» EXERCISE AIM:
Word for word, print each record, dropping any image it holds.

=== DATA FOR THIS EXERCISE ===

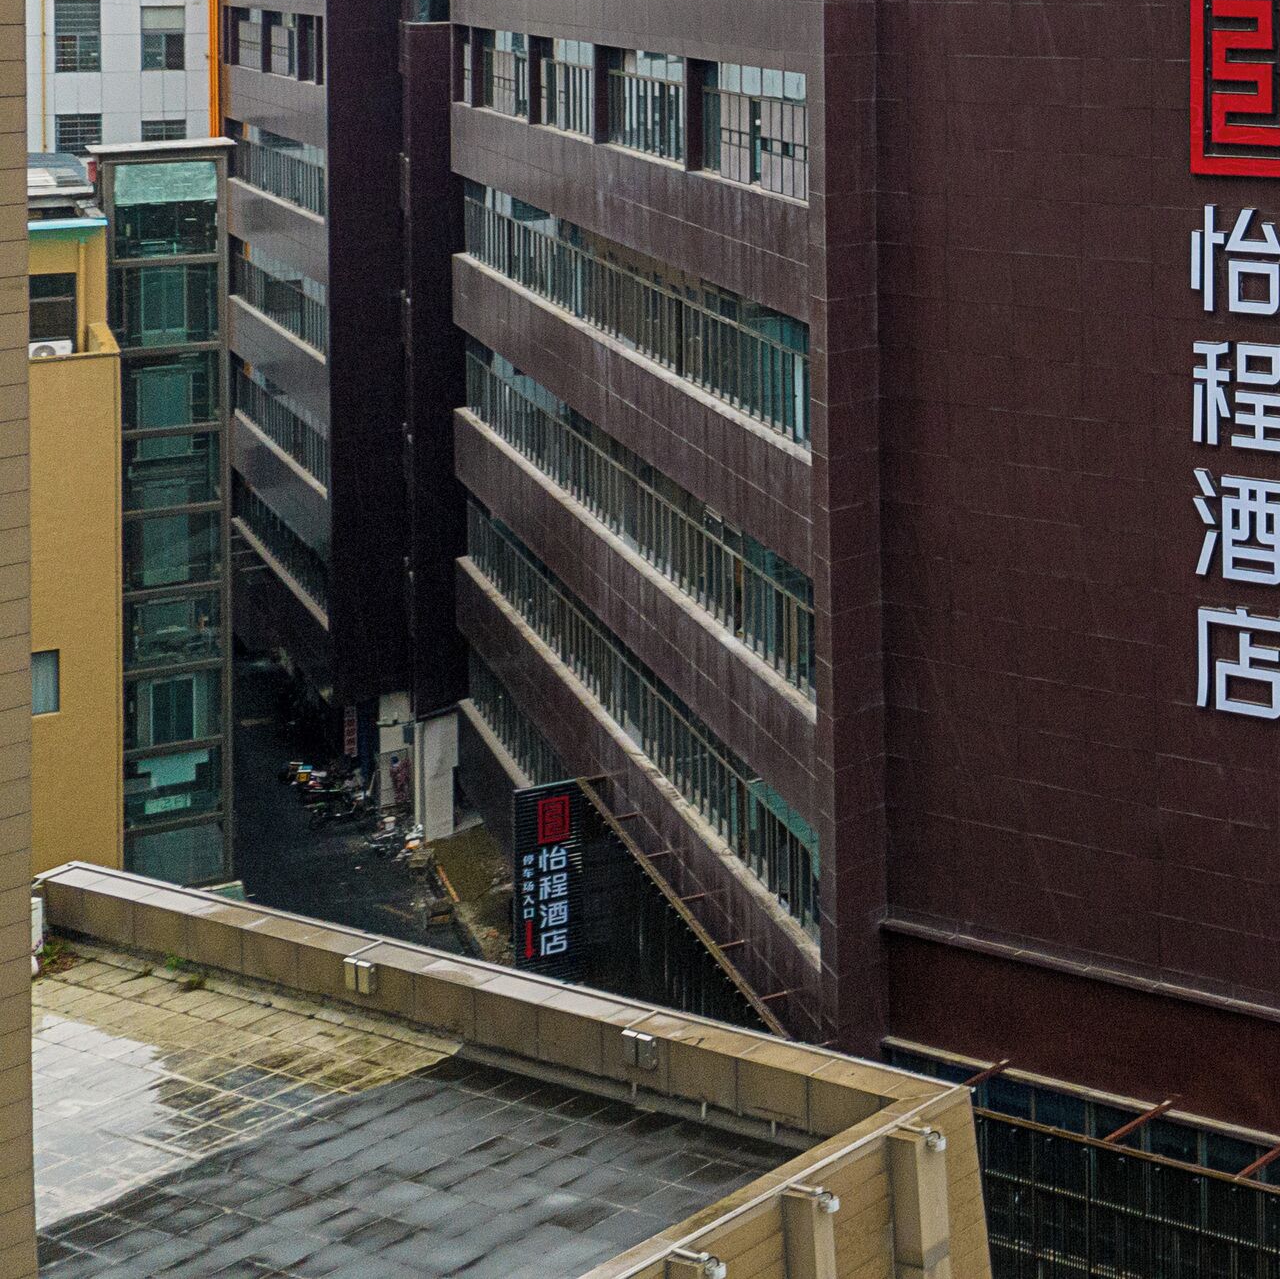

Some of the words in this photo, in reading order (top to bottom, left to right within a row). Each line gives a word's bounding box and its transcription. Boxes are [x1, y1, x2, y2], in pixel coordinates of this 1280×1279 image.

[523, 854, 535, 920] 停车场入口
[538, 846, 568, 957] 怡程酒店
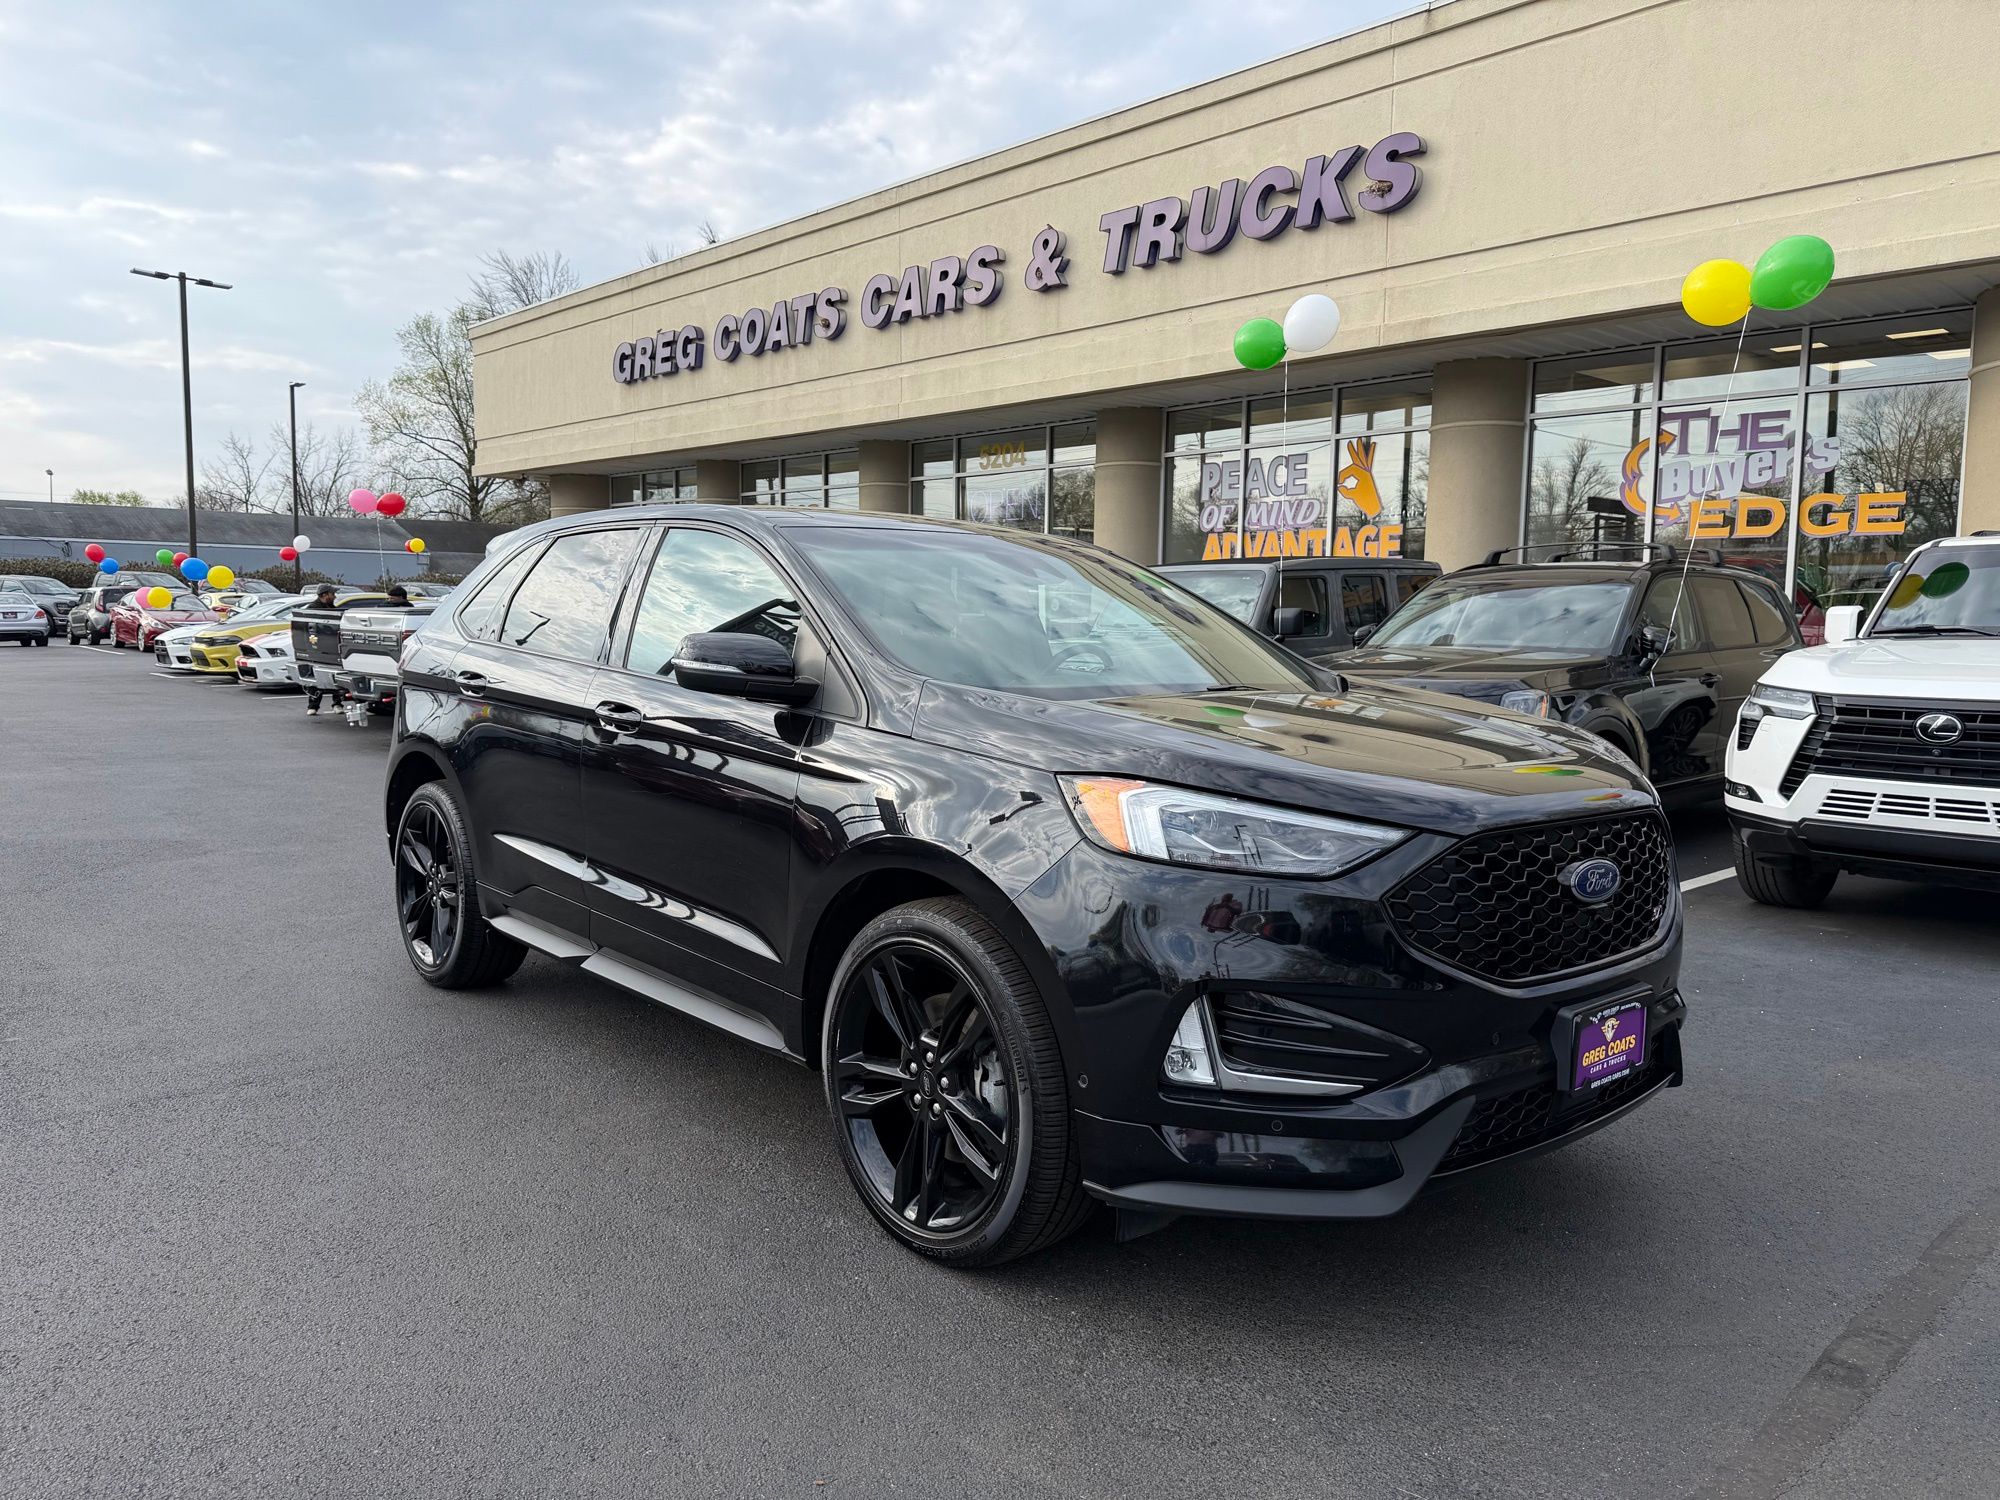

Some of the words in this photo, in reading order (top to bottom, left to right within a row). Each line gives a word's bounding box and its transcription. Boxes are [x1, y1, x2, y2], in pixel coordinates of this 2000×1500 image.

[613, 325, 705, 384] GREG
[713, 287, 848, 362] COATS
[861, 244, 1006, 330] CARS
[1025, 227, 1068, 292] &
[1099, 132, 1427, 276] TRUCKS
[1661, 407, 1791, 457] THE
[978, 441, 1026, 471] 5204
[1201, 452, 1308, 501] PEACE
[1200, 504, 1236, 533] OF
[1244, 498, 1321, 530] MIND
[1687, 490, 1908, 540] EDGE
[1201, 523, 1404, 562] ADVANTAGE
[1582, 1044, 1606, 1067] GREG
[1607, 1034, 1636, 1057] COATS
[1590, 1063, 1602, 1074] CARS
[1608, 1054, 1627, 1067] TRUCKS

===

» REPLY TO THE TASK:
Some of the words in this photo, in reading order (top to bottom, left to right within a row). Each line gives a word's bounding box and its transcription. Boxes are [x1, y1, x2, y2], in pixel coordinates of this 1280×1279 image.

[523, 854, 535, 920] 停车场入口
[538, 846, 568, 957] 怡程酒店

Some of the words in this photo, in reading order (top to bottom, left to right within a row). Each line gives a word's bounding box and its transcription. Boxes are [x1, y1, x2, y2], in pixel coordinates of this 2000×1500 image.

[613, 325, 705, 384] GREG
[713, 287, 848, 362] COATS
[861, 244, 1006, 330] CARS
[1025, 227, 1068, 292] &
[1099, 132, 1427, 276] TRUCKS
[1661, 407, 1791, 457] THE
[978, 441, 1026, 471] 5204
[1201, 452, 1308, 501] PEACE
[1200, 504, 1236, 533] OF
[1244, 498, 1321, 530] MIND
[1687, 490, 1908, 540] EDGE
[1201, 523, 1404, 562] ADVANTAGE
[1582, 1044, 1606, 1067] GREG
[1607, 1034, 1636, 1057] COATS
[1590, 1063, 1602, 1074] CARS
[1608, 1054, 1627, 1067] TRUCKS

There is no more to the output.